● TO DO:
Beginning at the line containing "this 1920×1440 image." and continuing to the end of the records below, give each line again exactly as it stands, and only those lines.

Text-to-region grounding data:
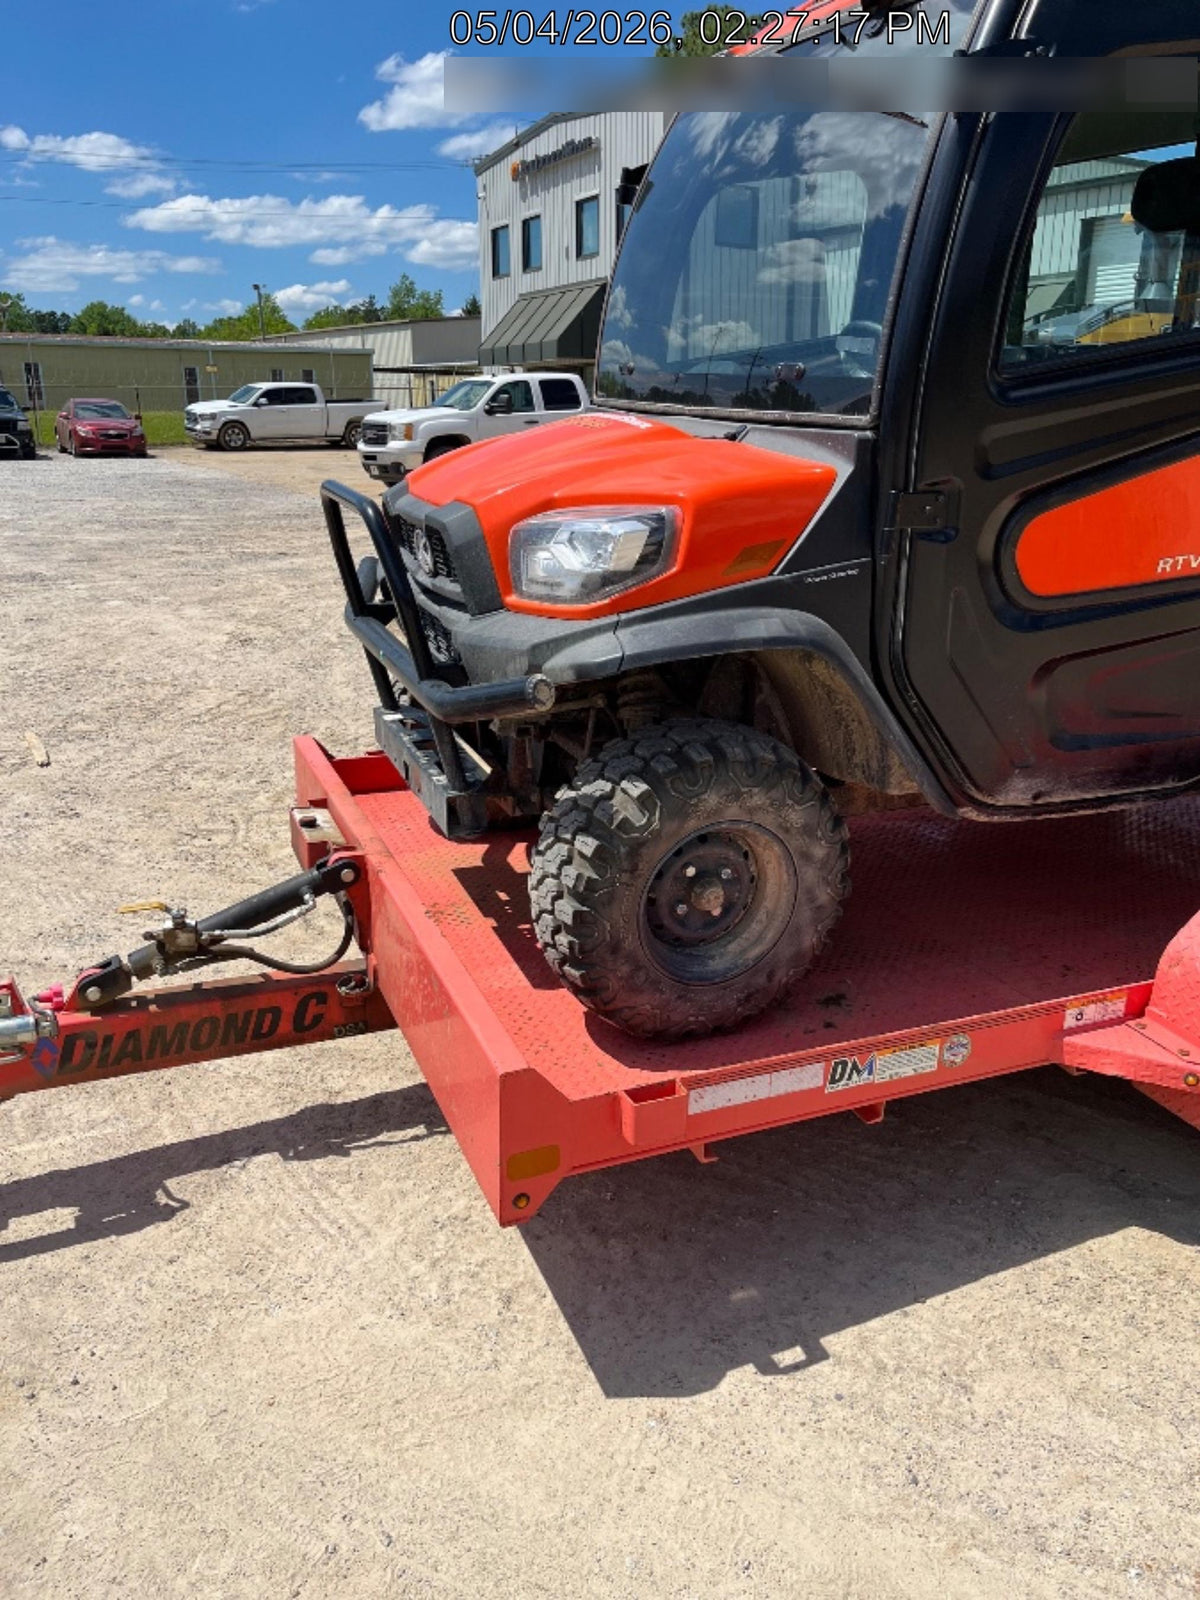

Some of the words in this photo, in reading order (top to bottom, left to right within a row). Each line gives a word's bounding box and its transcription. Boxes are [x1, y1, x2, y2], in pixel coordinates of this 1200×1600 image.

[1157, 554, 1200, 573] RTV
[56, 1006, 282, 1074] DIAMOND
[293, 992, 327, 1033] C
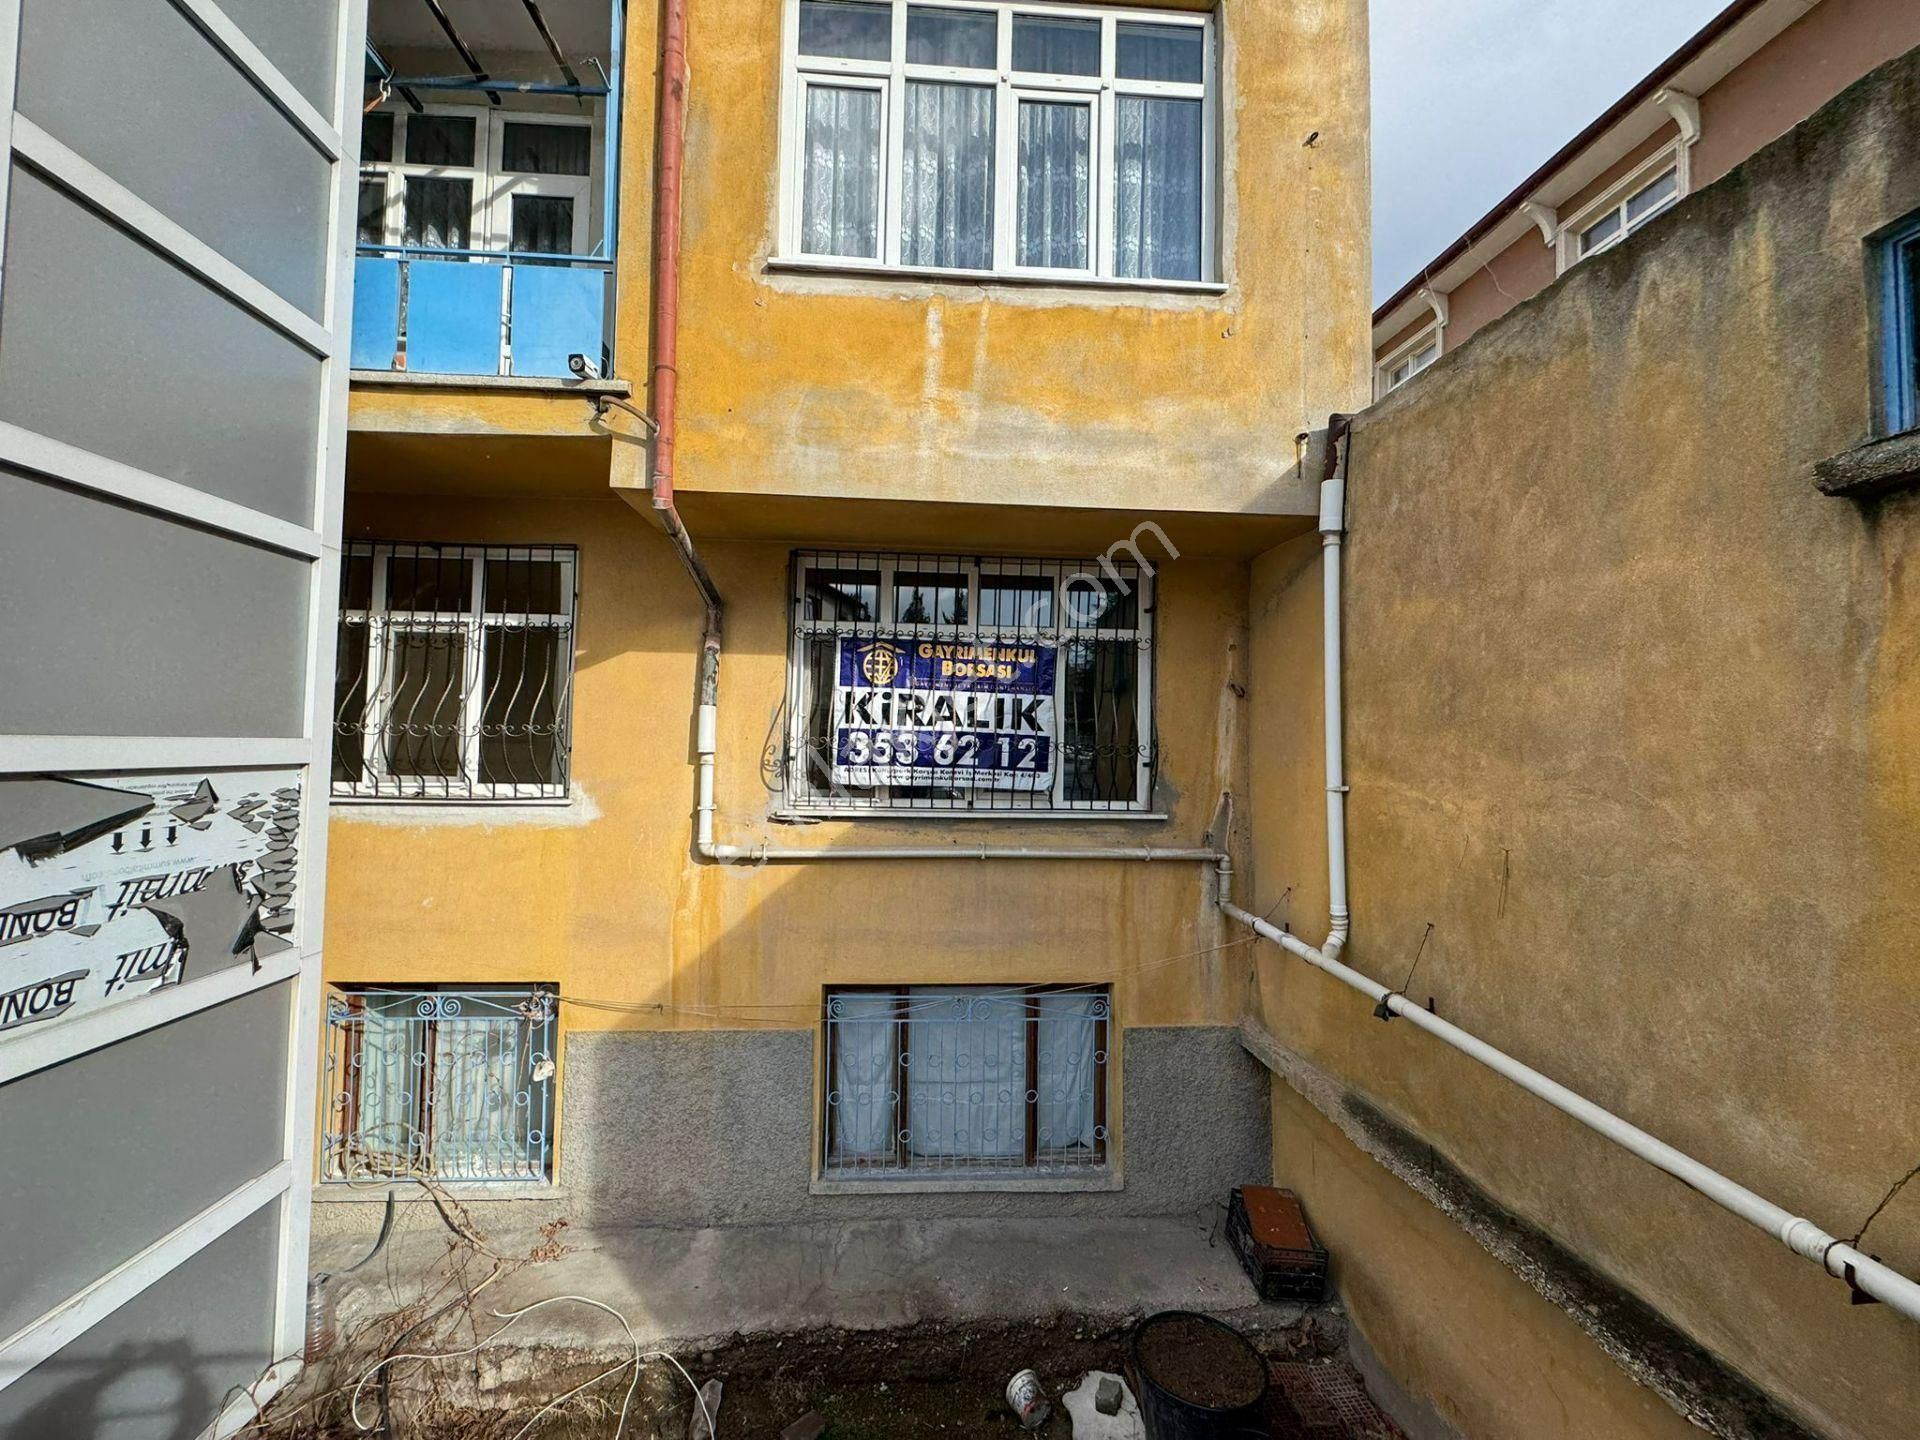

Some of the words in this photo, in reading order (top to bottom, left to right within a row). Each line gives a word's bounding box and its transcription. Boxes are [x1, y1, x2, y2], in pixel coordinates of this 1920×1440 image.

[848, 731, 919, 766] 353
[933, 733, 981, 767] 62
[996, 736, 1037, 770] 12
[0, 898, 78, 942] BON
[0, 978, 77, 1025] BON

● EXERCISE RESPONSE:
Some of the words in this photo, in reading order (top to bottom, left to right within a row). Each line gives a word's bounding box and its transcription. Boxes are [x1, y1, x2, y2], in pixel coordinates of this 1920×1440 image.

[848, 731, 919, 766] 353
[933, 733, 981, 767] 62
[996, 736, 1037, 770] 12
[0, 898, 78, 942] BON
[0, 978, 77, 1025] BON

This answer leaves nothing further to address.